DIY Culture Industry: Signifying Practices, Social Networks and Other Instrumentalizations of Everyday Art


Michael Warner writes (in Public Culture 14, no. 1) that “with email, bureacratic memos and love notes, the object of address is understood to be an identifiable person or office.” Art criticism is suppose to be different: though individually expressed and deeply felt, it is an aesthetic position addressed to a public sphere. “For this other class of writing contexts,” Warner continues, “including literary criticism, journalism, theory, advertising, fiction, drama, the available addressees are essentially imaginary, which is not to say unreal. The people, scholarship, posterity, the younger generation, the nation, the Left, the movement, the world, the vanguard, the enlightened few, public opinion, humanity, my fellow queers: these are all publics. They are in principle open-ended. Even declaiming to a group of intimates, [you] could still be heard as addressing a public.

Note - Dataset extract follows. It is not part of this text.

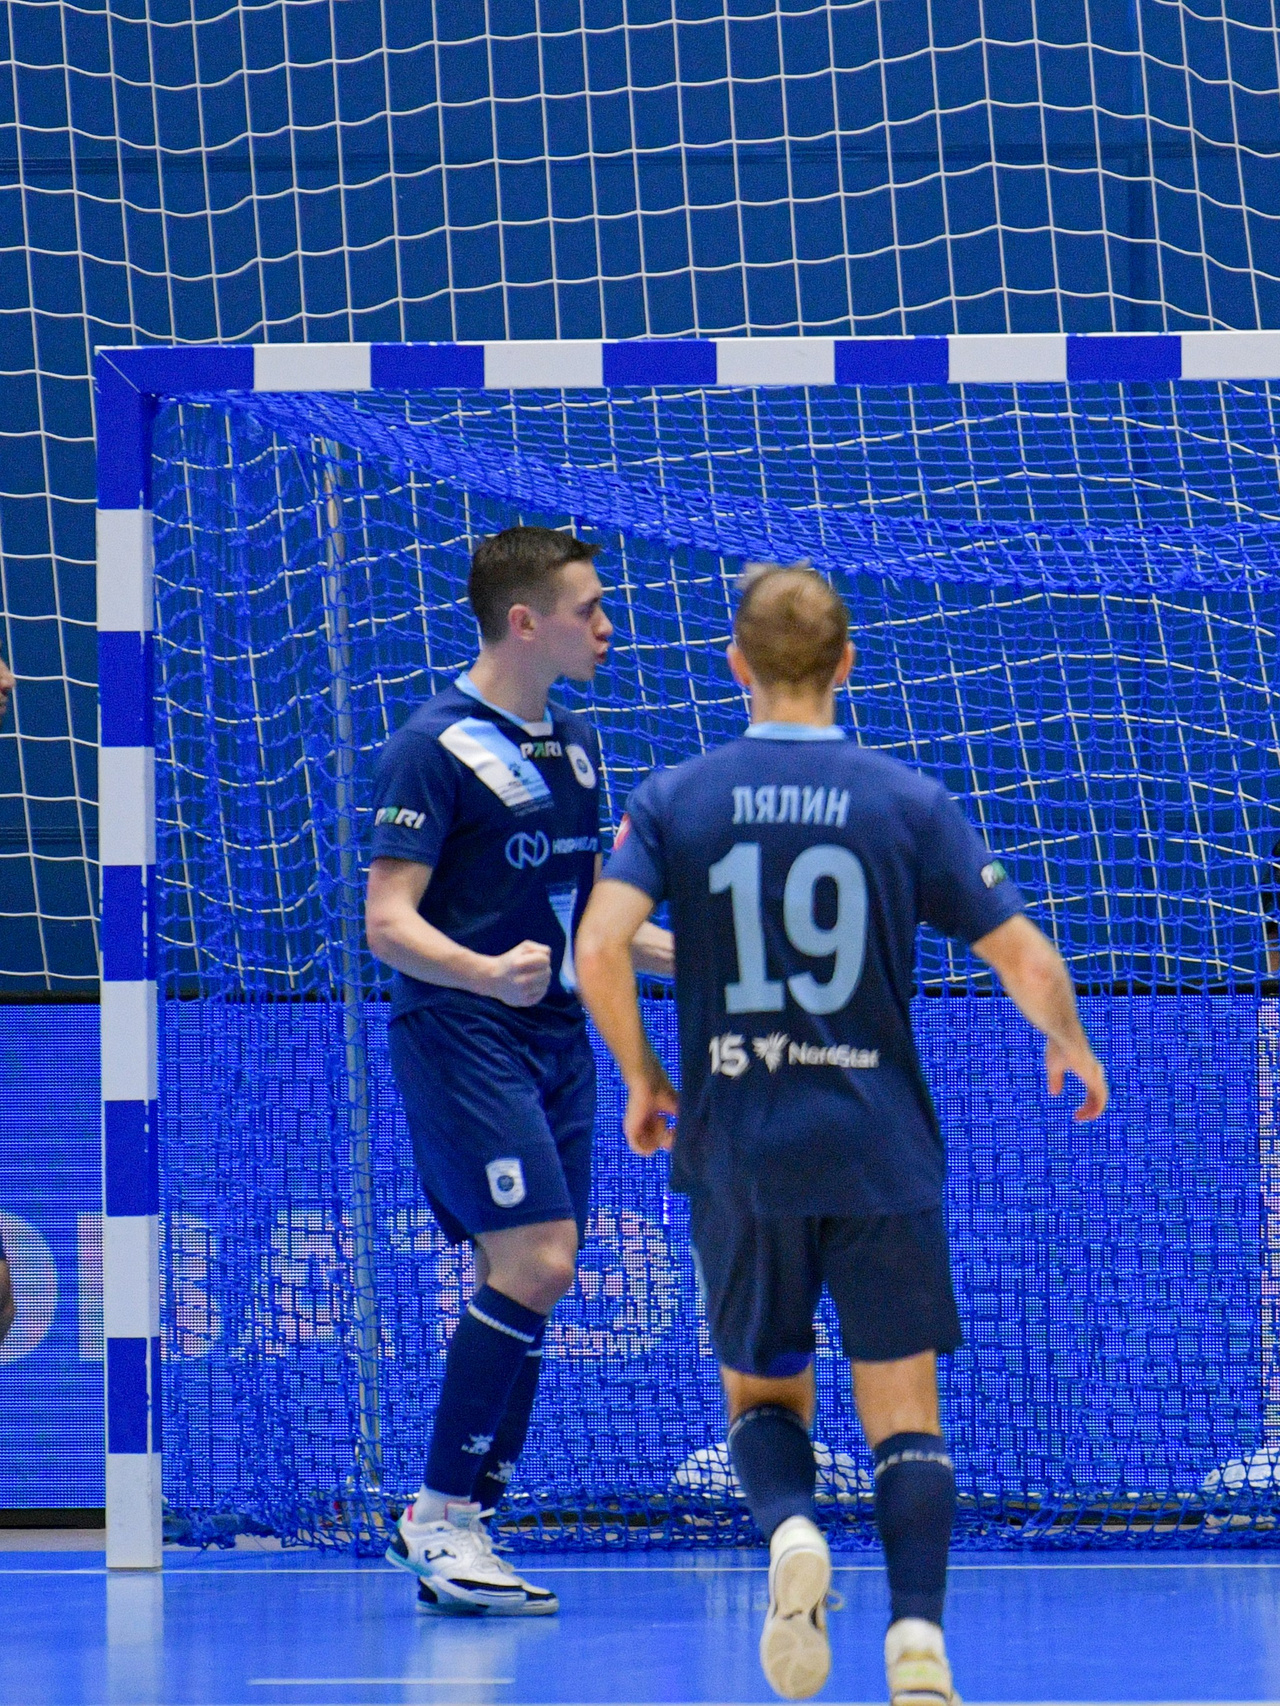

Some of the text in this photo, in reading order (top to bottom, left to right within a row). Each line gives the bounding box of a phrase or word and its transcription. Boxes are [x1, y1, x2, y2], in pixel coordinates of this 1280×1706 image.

[732, 785, 850, 828] ЛЯЛИН
[708, 842, 867, 1015] 19
[709, 1032, 750, 1078] 15

We’d then recognize ourselves as strangers even when we know each other.” But such a conception of the public sphere as aesthetic opinion’s object of address is today challenged by a number of forces, including increased transnational mobility and global capitalism. In his book The University in Ruins (relevant excerpts on file in the library), Bill Reading describes two alternatives to an earlier, more homogeneous nation-based public sphere: one is the scene of dissensus, the other is the global consumer marketplace. What’s the difference? And how would an art magazine, say, function differently when moved from one to the other?